Hermes Agent Accused of Plagiarism—Founder Retorts with “Delete Your Account”

A small open‑source team claims Hermes Agent copied its self‑evolution architecture within 36 days, detailing ten code‑level similarities, while the project's founder responded on Twitter with a terse “Delete your account,” sparking a heated debate over plagiarism and attribution in AI agents.

AI Insight Log
AI Insight Log
AI Insight Log
Hermes Agent Accused of Plagiarism—Founder Retorts with “Delete Your Account”

In the open‑source AI Agent community a controversy erupted when the 2,000‑star EvoMapAI team accused the 8.8‑k‑star Hermes Agent of copying its core self‑evolution architecture, prompting the founder of Nous Research to reply on Twitter with the blunt phrase “Delete your account.”

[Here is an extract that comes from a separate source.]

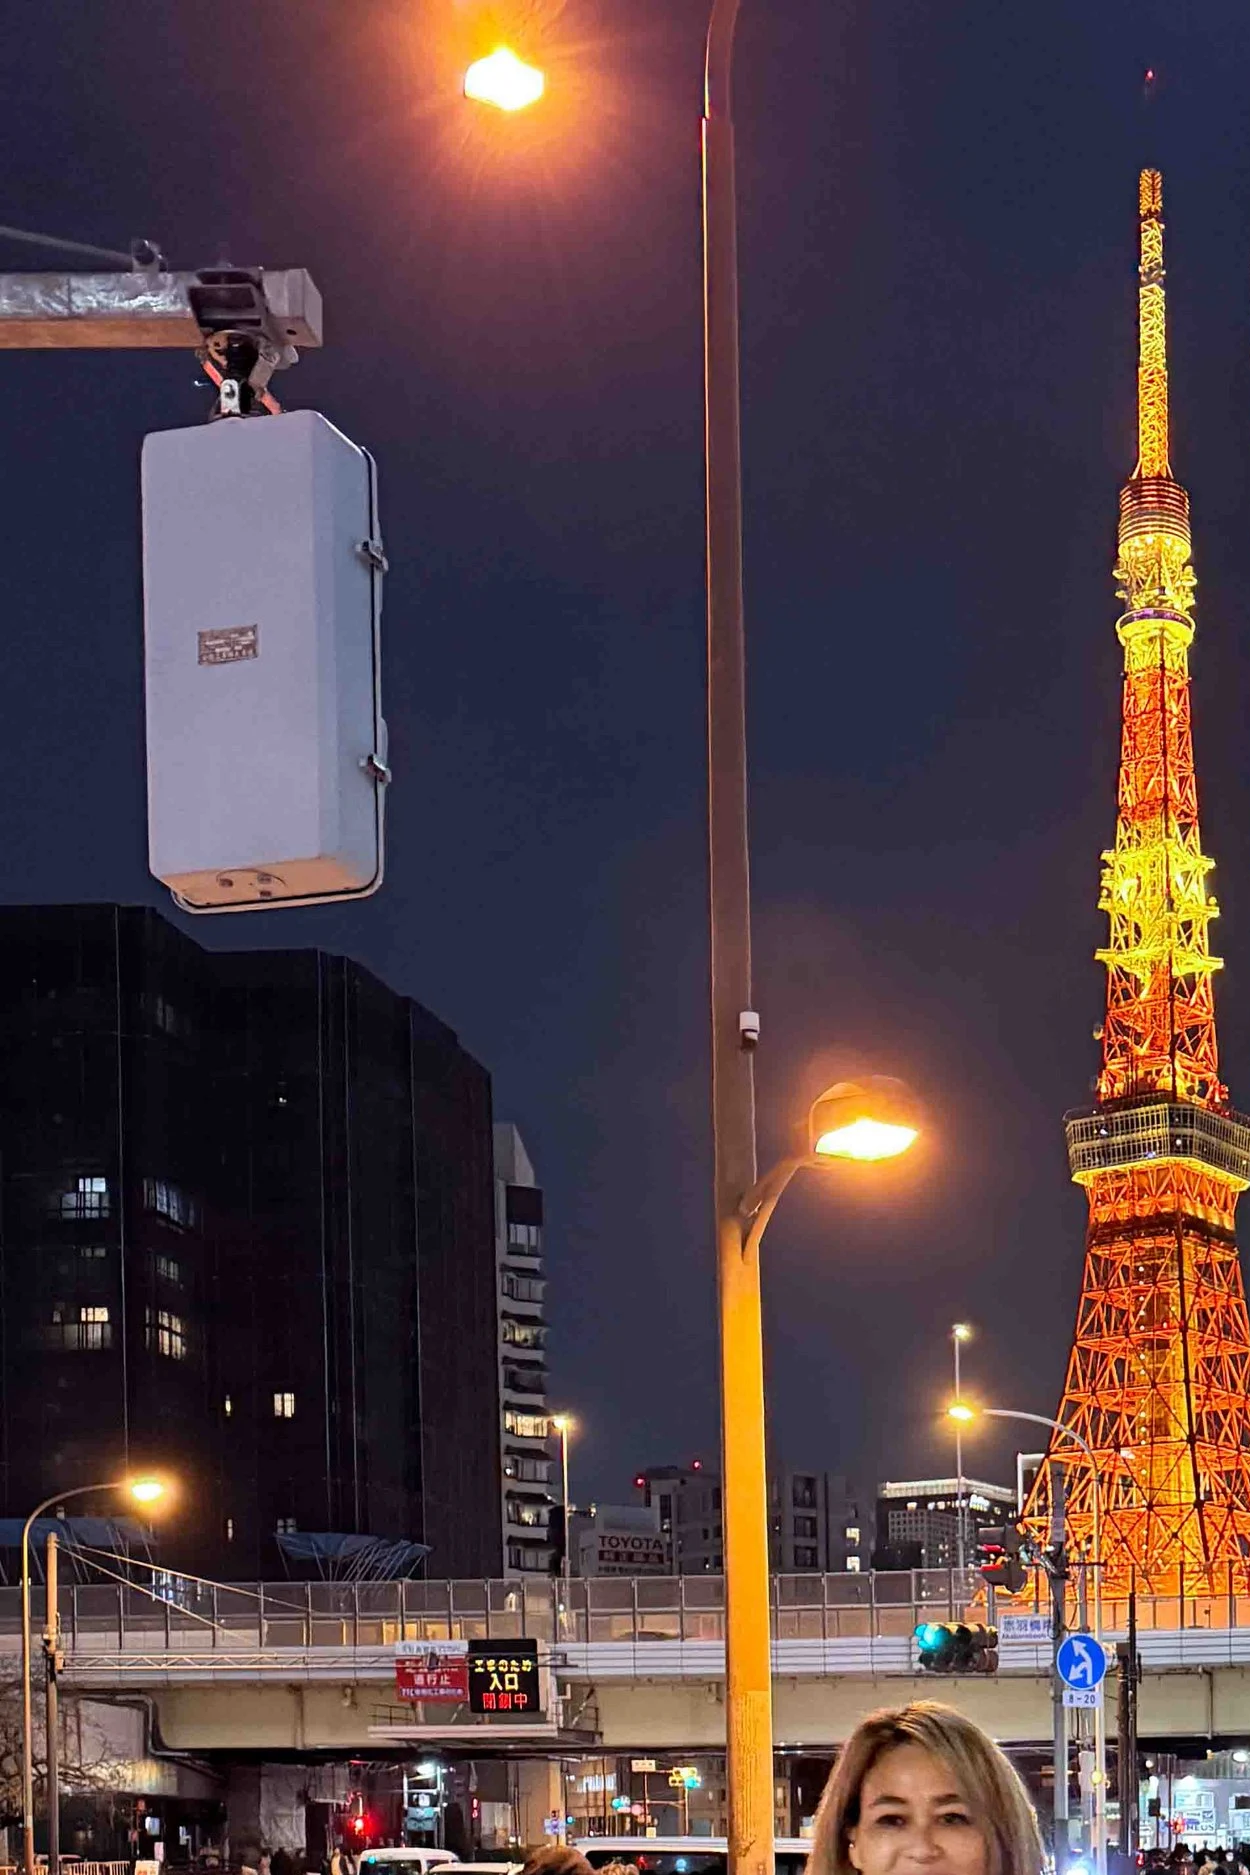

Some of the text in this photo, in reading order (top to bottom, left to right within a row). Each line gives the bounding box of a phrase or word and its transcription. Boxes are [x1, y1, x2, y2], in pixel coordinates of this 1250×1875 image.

Hermes Agent, released by Nous Research, quickly became known as the strongest rival to OpenClaw (the “lobster”) thanks to its “self‑evolution” system that lets agents extract experience from tasks and automatically refine skills and prompts.

On February 1, EvoMapAI open‑sourced its Evolver engine, which also implements a self‑evolution mechanism via a Genome Evolution Protocol (GEP) that packages agent experience into “gene capsules” for global sharing. Evolver attracted over 1,800 stars.

The timeline is tight: Evolver was released on February 1, Hermes Agent v0.1.0 appeared on February 25, the independent repository hermes-agent-self-evolution was created on March 9, and Hermes Agent v0.2.0 launched on March 12—only 36 days between Evolver’s public release and Hermes’s self‑evolution repository.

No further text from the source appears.